**Records from a data source**
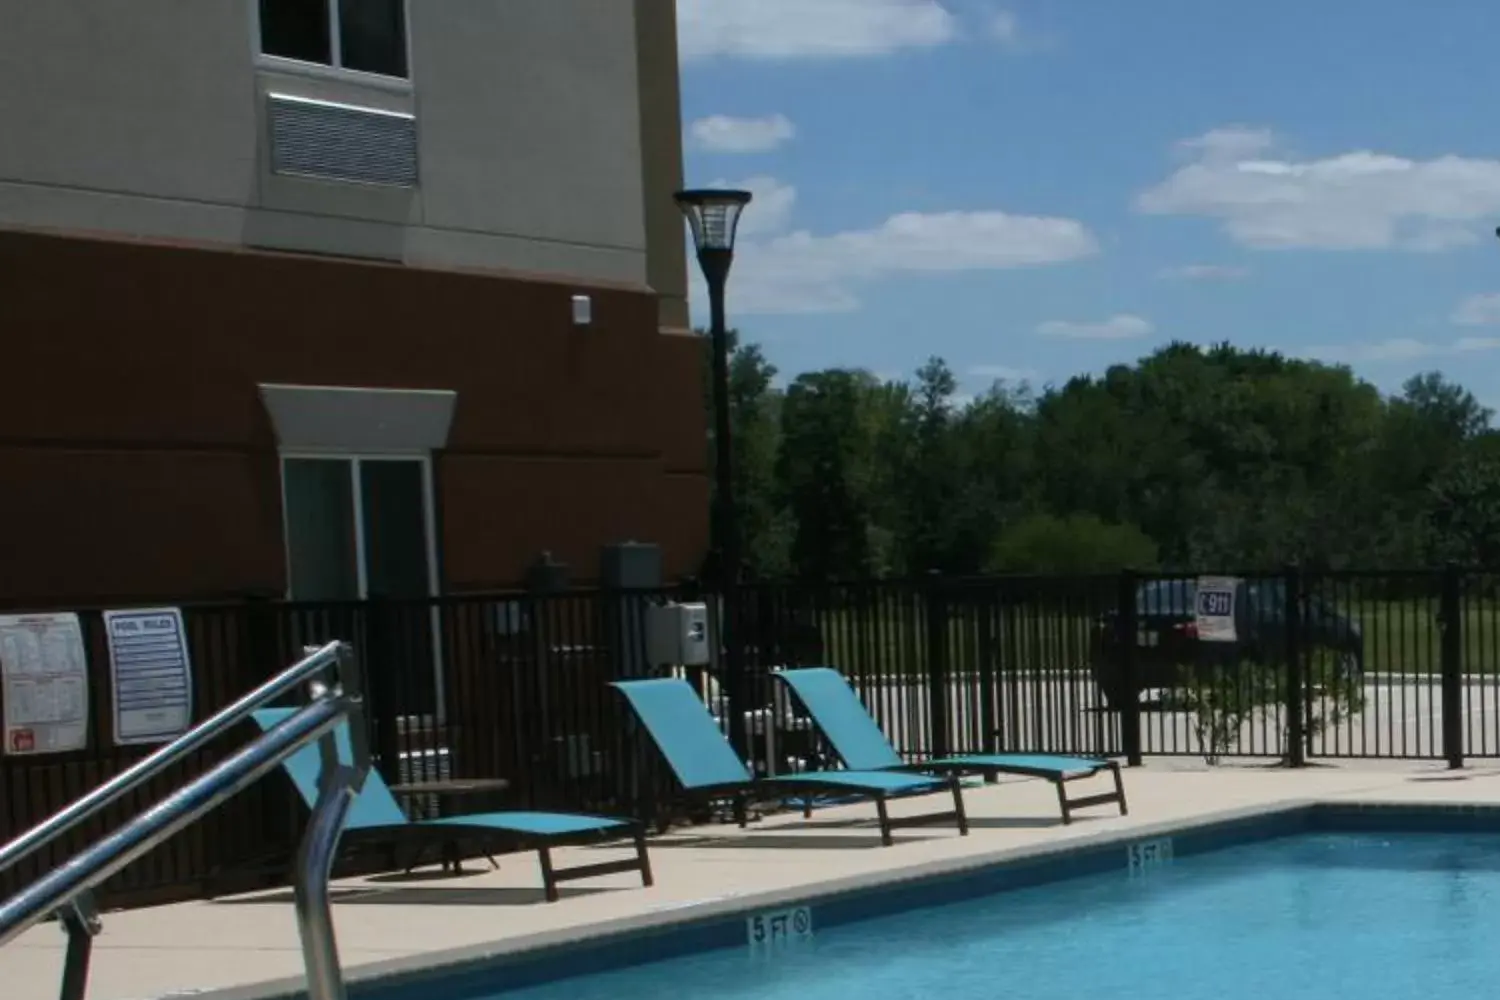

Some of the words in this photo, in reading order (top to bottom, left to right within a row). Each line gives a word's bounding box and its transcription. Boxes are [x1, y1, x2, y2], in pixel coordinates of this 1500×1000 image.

[1208, 593, 1229, 613] 911
[753, 916, 765, 942] 5
[770, 915, 787, 940] FT
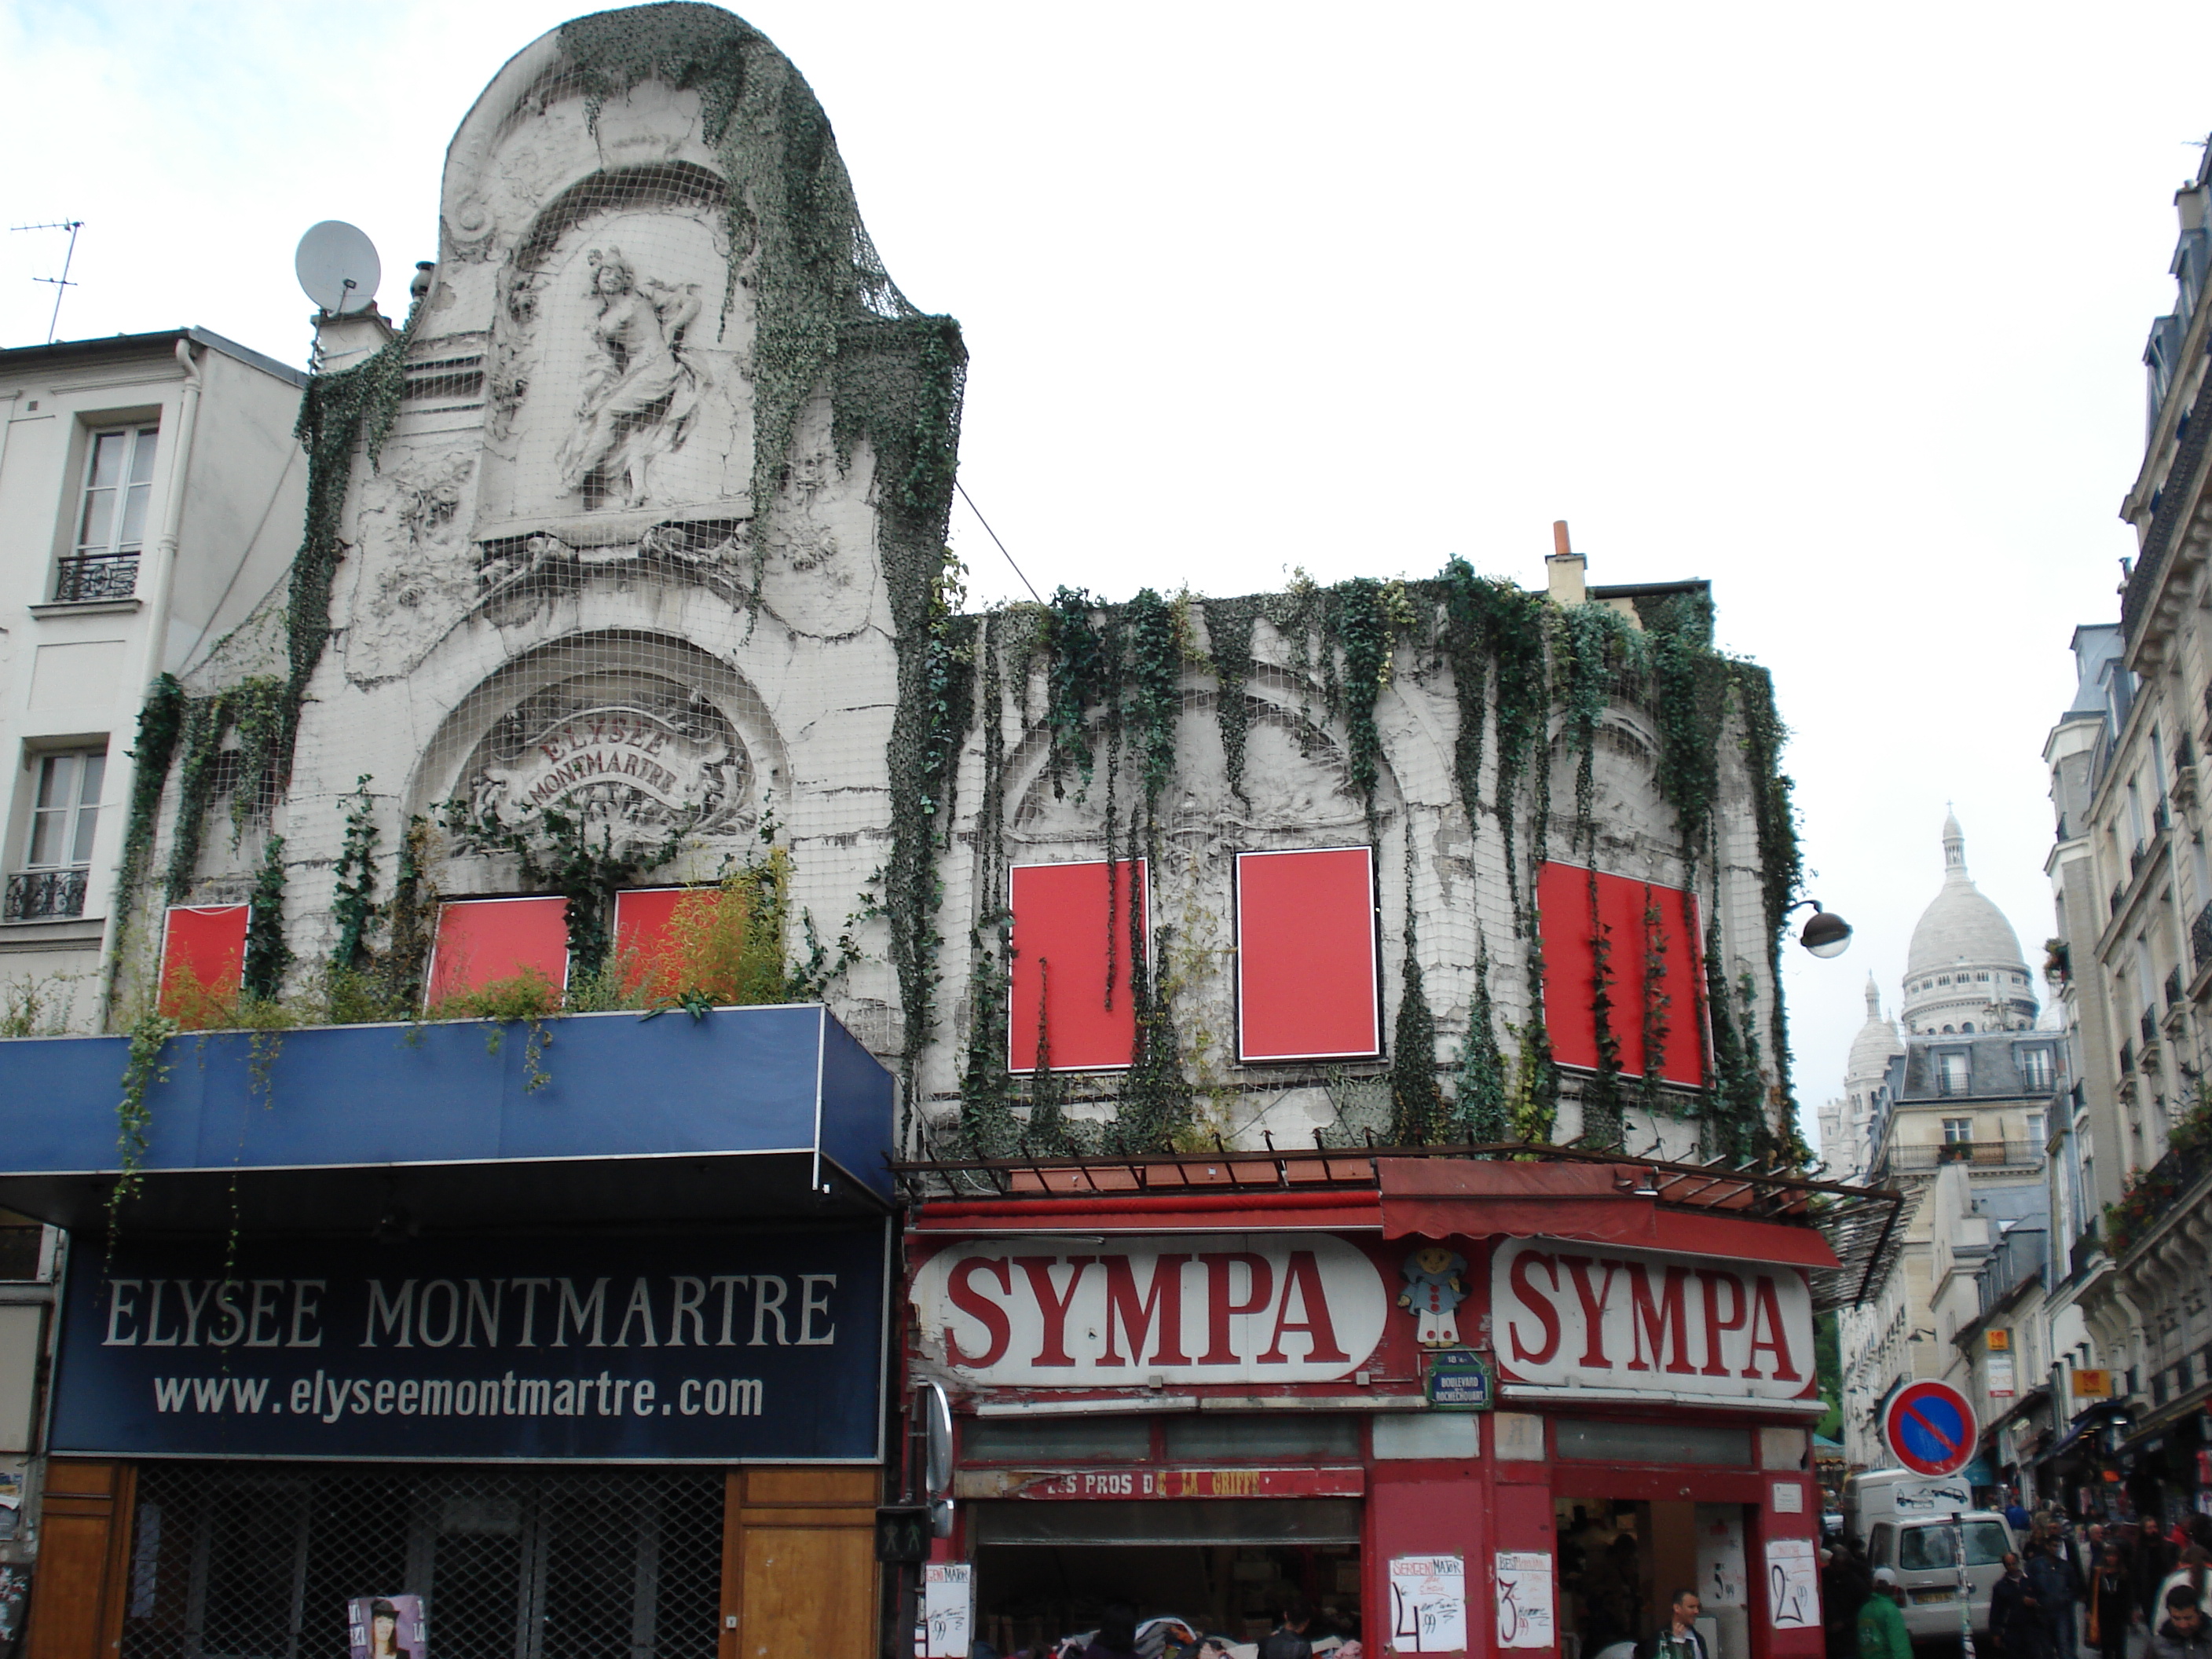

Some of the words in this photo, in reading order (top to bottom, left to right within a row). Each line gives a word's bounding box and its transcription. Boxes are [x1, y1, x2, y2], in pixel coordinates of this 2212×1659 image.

[529, 750, 677, 806] MONTMARTRE
[101, 1278, 327, 1347] ELYSEE
[359, 1274, 837, 1348] MONTMARTRE
[947, 1251, 1351, 1369] SYMPA
[1509, 1250, 1802, 1382] SYMPA
[154, 1370, 763, 1423] www.elyseemontmartre.com
[1436, 1390, 1483, 1401] ROCHECHOUART
[1441, 1376, 1478, 1388] BOULEVARD
[1085, 1474, 1133, 1495] PROS
[1182, 1471, 1199, 1495] LA
[1211, 1471, 1260, 1496] GRIFFE
[1498, 1577, 1518, 1643] 3
[1771, 1564, 1804, 1624] 2

**WHAT YOU WILL DO**
Output, and output only, the lines from the one containing "this 2212×1659 image." through the last line of the data above.

**RESULT FOR THIS TASK**
Some of the words in this photo, in reading order (top to bottom, left to right within a row). Each line gives a word's bounding box and its transcription. Boxes are [x1, y1, x2, y2], in pixel coordinates of this 2212×1659 image.

[529, 750, 677, 806] MONTMARTRE
[101, 1278, 327, 1347] ELYSEE
[359, 1274, 837, 1348] MONTMARTRE
[947, 1251, 1351, 1369] SYMPA
[1509, 1250, 1802, 1382] SYMPA
[154, 1370, 763, 1423] www.elyseemontmartre.com
[1436, 1390, 1483, 1401] ROCHECHOUART
[1441, 1376, 1478, 1388] BOULEVARD
[1085, 1474, 1133, 1495] PROS
[1182, 1471, 1199, 1495] LA
[1211, 1471, 1260, 1496] GRIFFE
[1498, 1577, 1518, 1643] 3
[1771, 1564, 1804, 1624] 2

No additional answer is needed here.